The horizon is not so far as we can see, but as far as we can imagine

Tag: Ethics and Morals

The Role of Character and Ideology in Prosperity

(First of two collections of important articles published 2014 or earlier. Read the second.)

I want to take readers through some of my previous writing on ideology and character, and how they help form the societies in which we live. Taking the time to read these articles (a short book’s worth), should vastly improve your understanding of the world and the articles to come. It should be worth your time, even if you read the articles when they were previously published, as, at the time, they lacked both context and commentary, and were not collated to be read together so that the connections were obvious.

(I have a lot of new readers, so I’m going to kick this back to the top.

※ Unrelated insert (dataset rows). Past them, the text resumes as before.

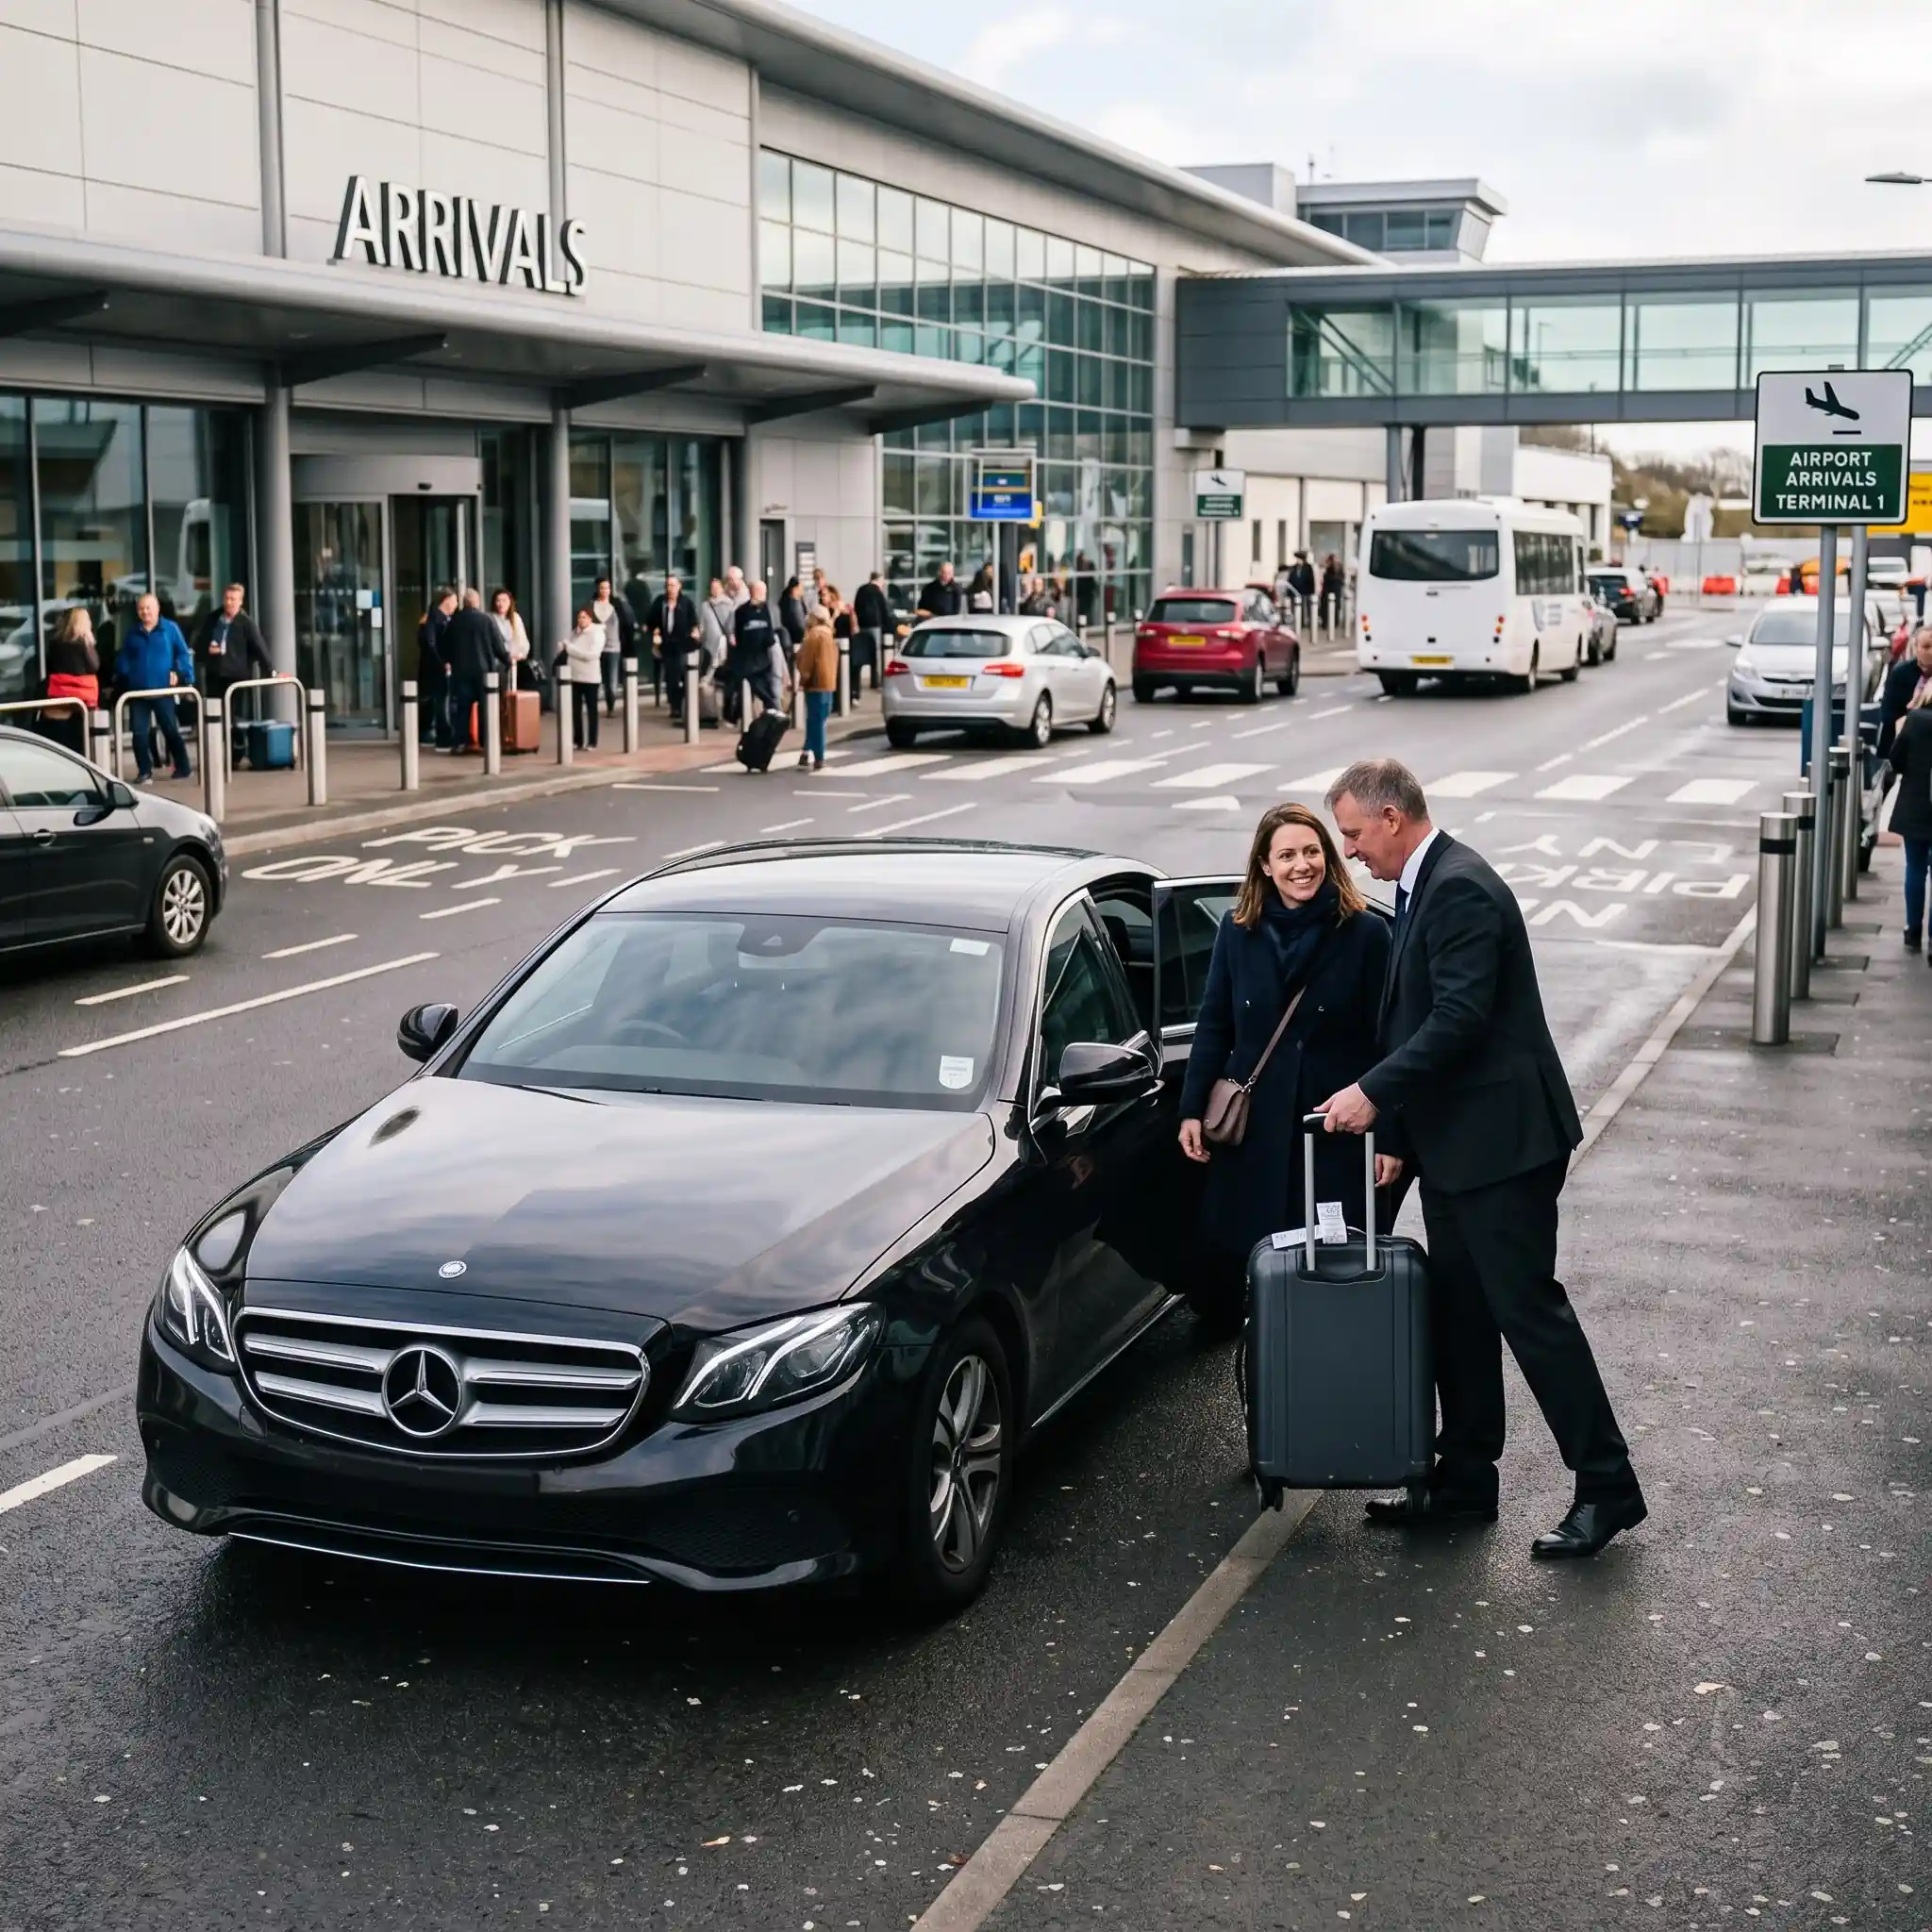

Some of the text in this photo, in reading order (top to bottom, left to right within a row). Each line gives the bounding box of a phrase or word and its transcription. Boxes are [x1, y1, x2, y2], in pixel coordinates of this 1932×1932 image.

[333, 174, 587, 296] ARRIVALS
[1790, 451, 1873, 467] AIRPORT
[1785, 471, 1877, 487] ARRIVALS
[1775, 493, 1885, 510] TERMINAL 1
[360, 826, 638, 858] PICK
[241, 855, 564, 890] ONLY
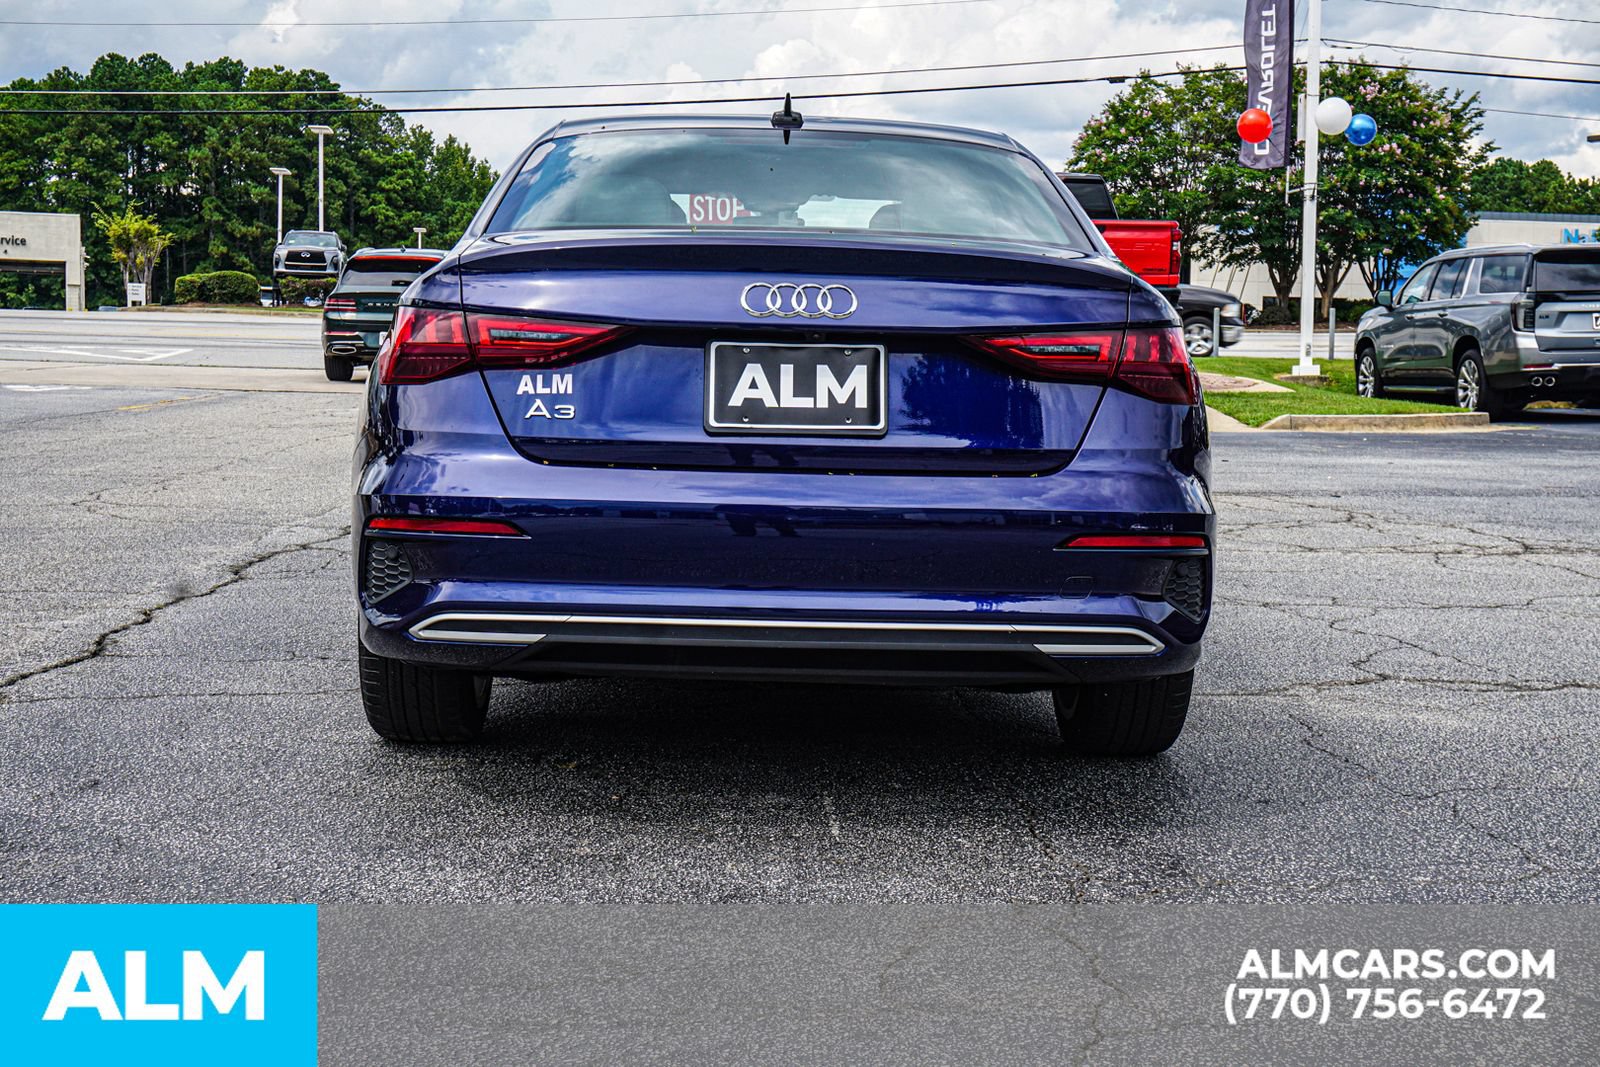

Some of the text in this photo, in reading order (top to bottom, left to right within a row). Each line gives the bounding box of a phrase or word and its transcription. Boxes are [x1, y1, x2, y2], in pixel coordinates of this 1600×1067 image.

These are some of the most important articles I have written–Ian)

Baseline Predictions for the Next 60 Years

While not an article about ideology, the above is an article about where our current ideology and character are going to take us: To the brink of disaster and possibly beyond, while continuing to impoverish and disempower larger and larger segments of the human race. This might be a slightly optimistic piece; there’s some reason to believe our actions in the world’s oceans could destroy the oxygen cycle, and if this is so, events will be much, much worse.

What Is an Ideology and Why Do We Need a New One?

Too many people think ideologies are some airy-fairy nonsense, while they themselves are “pragmatic” men and women operating on common sense and facts. Such people are amongst the greatest of all fools: Our entire society is based on interlocking ideologies; the primary of which are neoliberalism, capitalism, human rights, and socialism. It is not obvious, nor was it obvious to most societies that have ever existed, for example, that food should be distributed based on money, nor that ideas could be property. How we organize things, our particular ideas about markets and their role, and our ideas about who should lead us, are ideological. If we want to change society, we need to be able to control markets so they aren’t producing a world that makes us sick, unhappy, and, in increasing numbers, dead.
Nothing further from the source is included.